Se encargaron de escribir noticias a
las madres, contándoles que habían visto a sus hijos, que estaban bien, que se
hallaban partiendo para otros lugares, muchas veces inclusive tuvieron la
dolorosa misión de comunicarles que ellos habían caído en acción. Esta obra
múltiple y compleja de la retaguardia, especialmente en la labor que efectuaron
las señoritas “Madrinas de Guerra”, tuvo una eficiente labor de aliento, valor
y entrega, la misma que vitalizo el corazón de los combatientes, sin ellas sus
glorias aun siendo grandes no hubieran sido completas.
A todos los soldados, madres y madrinas
bolivianos, les agradecemos. Son la gloria de la nación. Soldado reverente
héroe anónimo, hijo del pueblo que al conjuro de la palabra mágica “BOLIVIA”

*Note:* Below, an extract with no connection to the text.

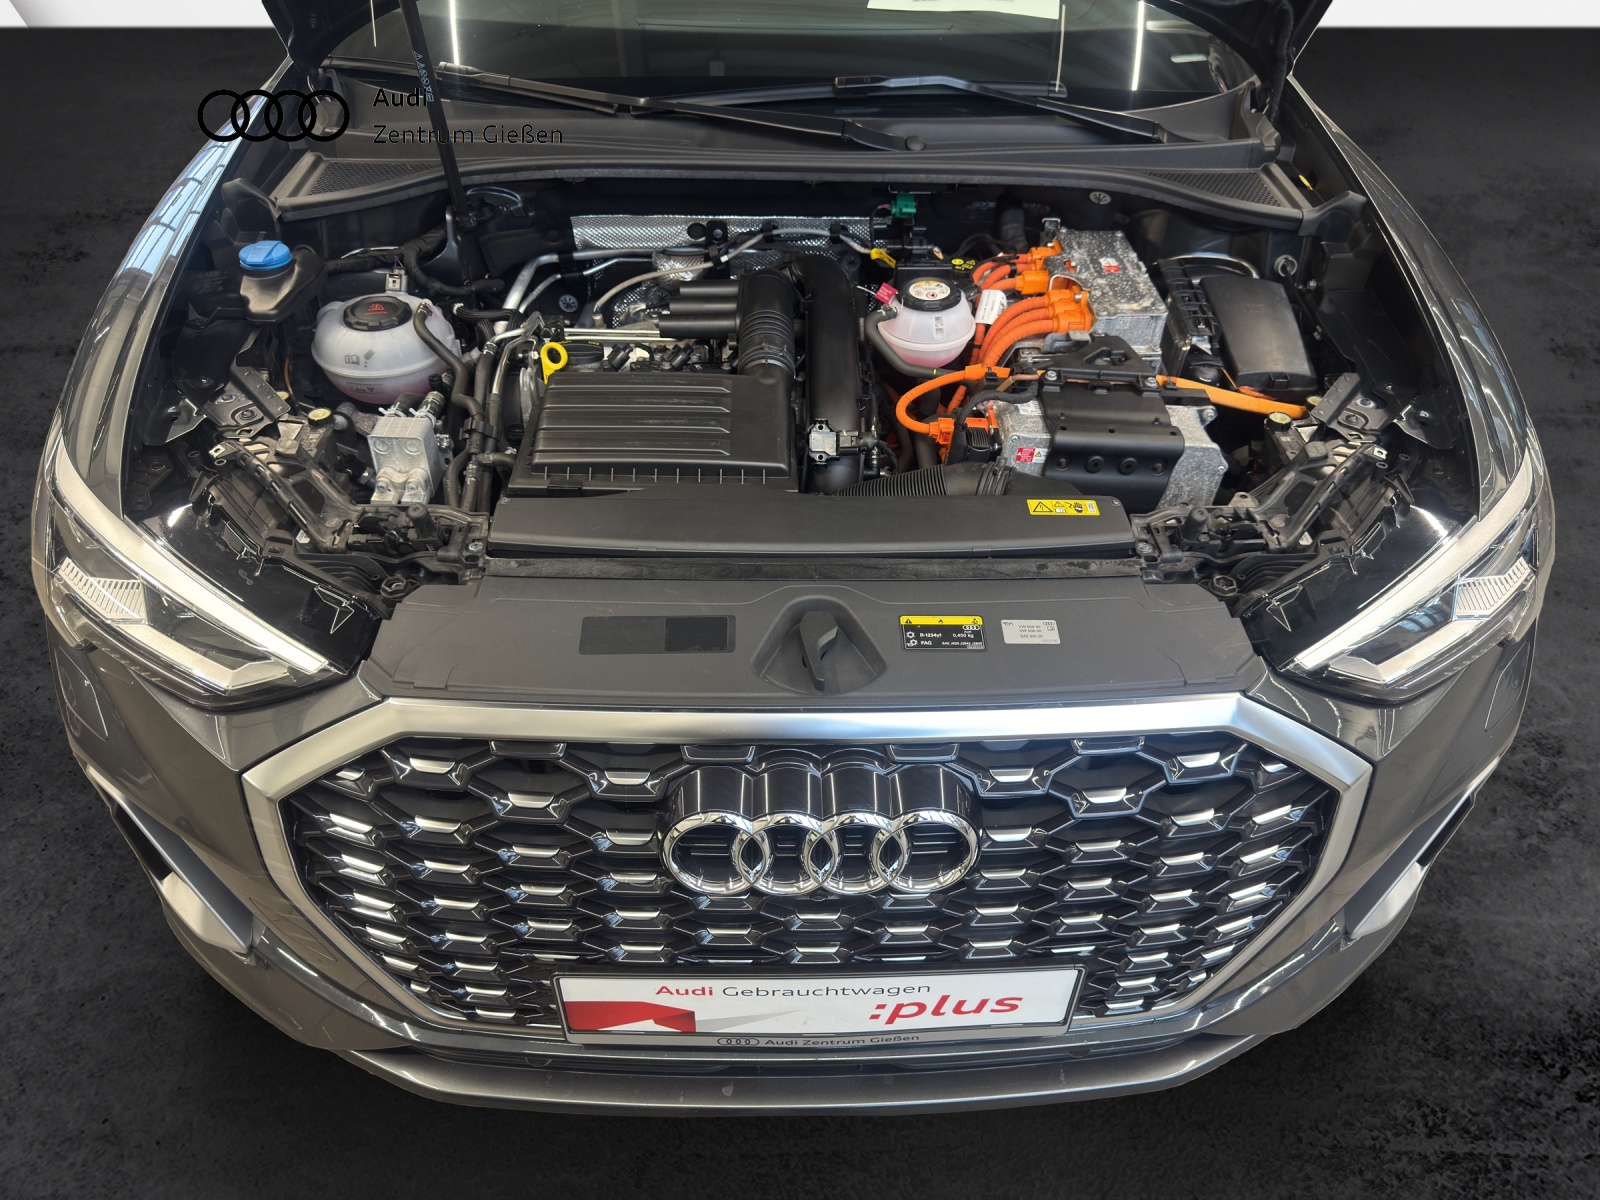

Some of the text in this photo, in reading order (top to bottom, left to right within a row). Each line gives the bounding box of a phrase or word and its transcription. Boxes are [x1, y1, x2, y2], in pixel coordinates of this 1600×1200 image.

[655, 983, 931, 998] Audi Gebrauchtwagen
[869, 994, 1024, 1025] :plus
[764, 1034, 920, 1047] Audi Zentrum Gießen
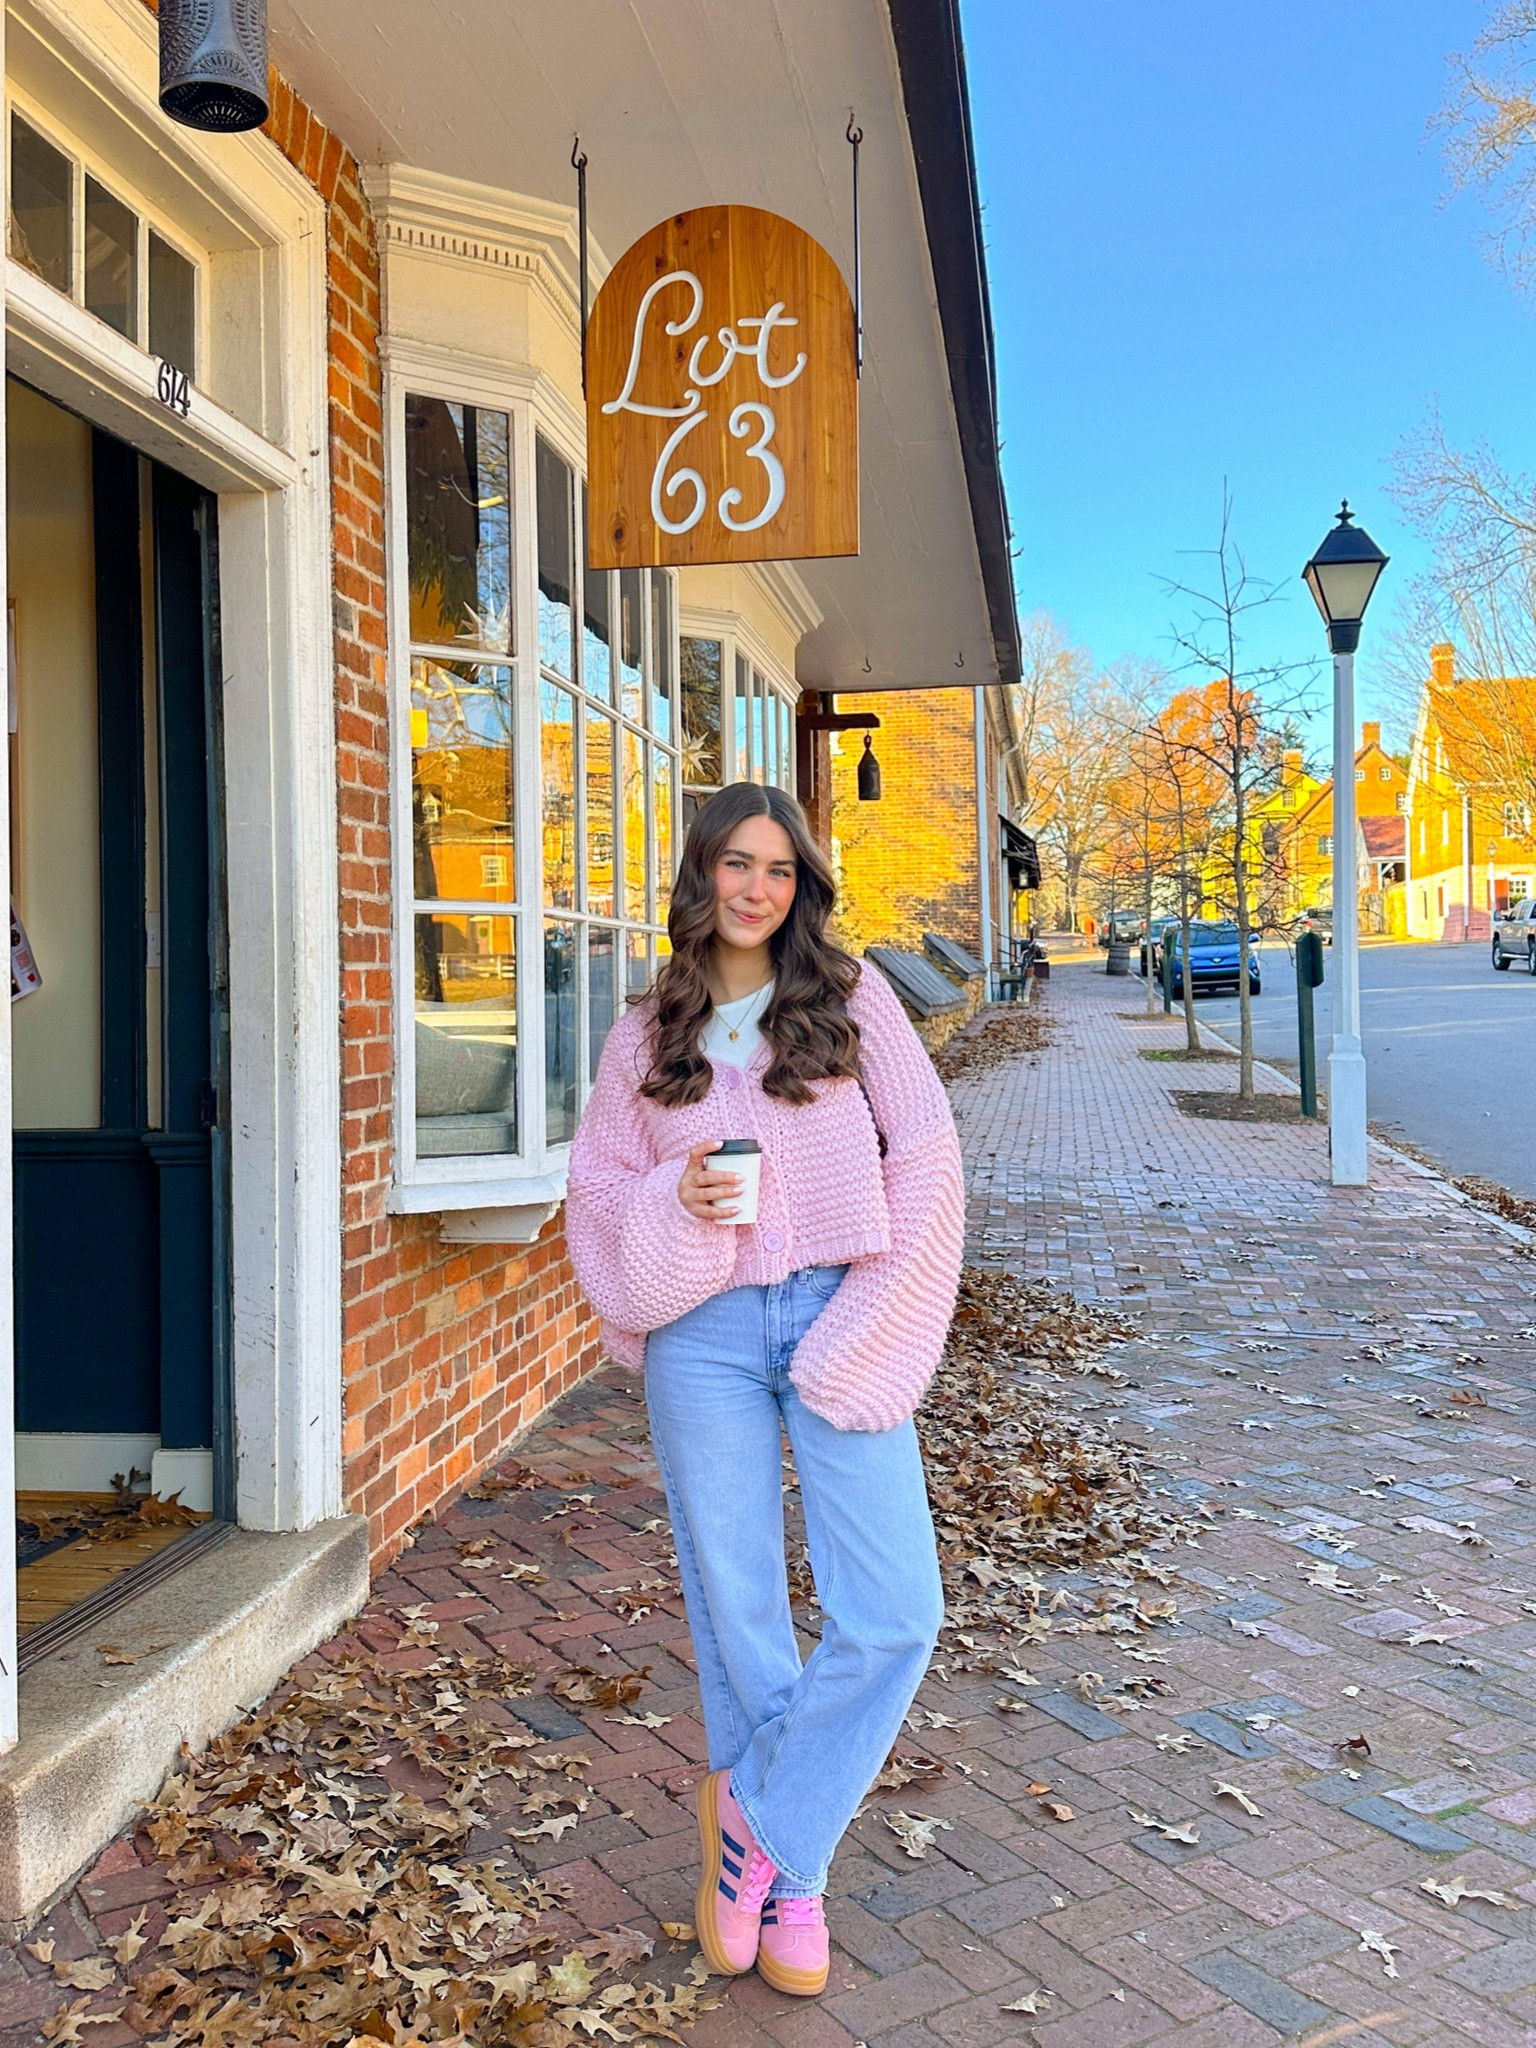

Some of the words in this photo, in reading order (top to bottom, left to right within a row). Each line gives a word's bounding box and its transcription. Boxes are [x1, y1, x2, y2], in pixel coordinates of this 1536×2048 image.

diste tu sangre y tu vida a ti te saludamos héroe inmortal que defendiste
denodadamente los más sagrados principios de justicia y libertad de nuestra
nación, que, si bien perdió esa batalla, ¡jamás fue derrotada en su espíritu!
Tus proezas legendarias serán cantadas
por los poetas y tu sombra vagara por las selvas y cañadas inmensas del Chacho,
montara guardia por los siglos de los siglos en beneficio de nuestra patria.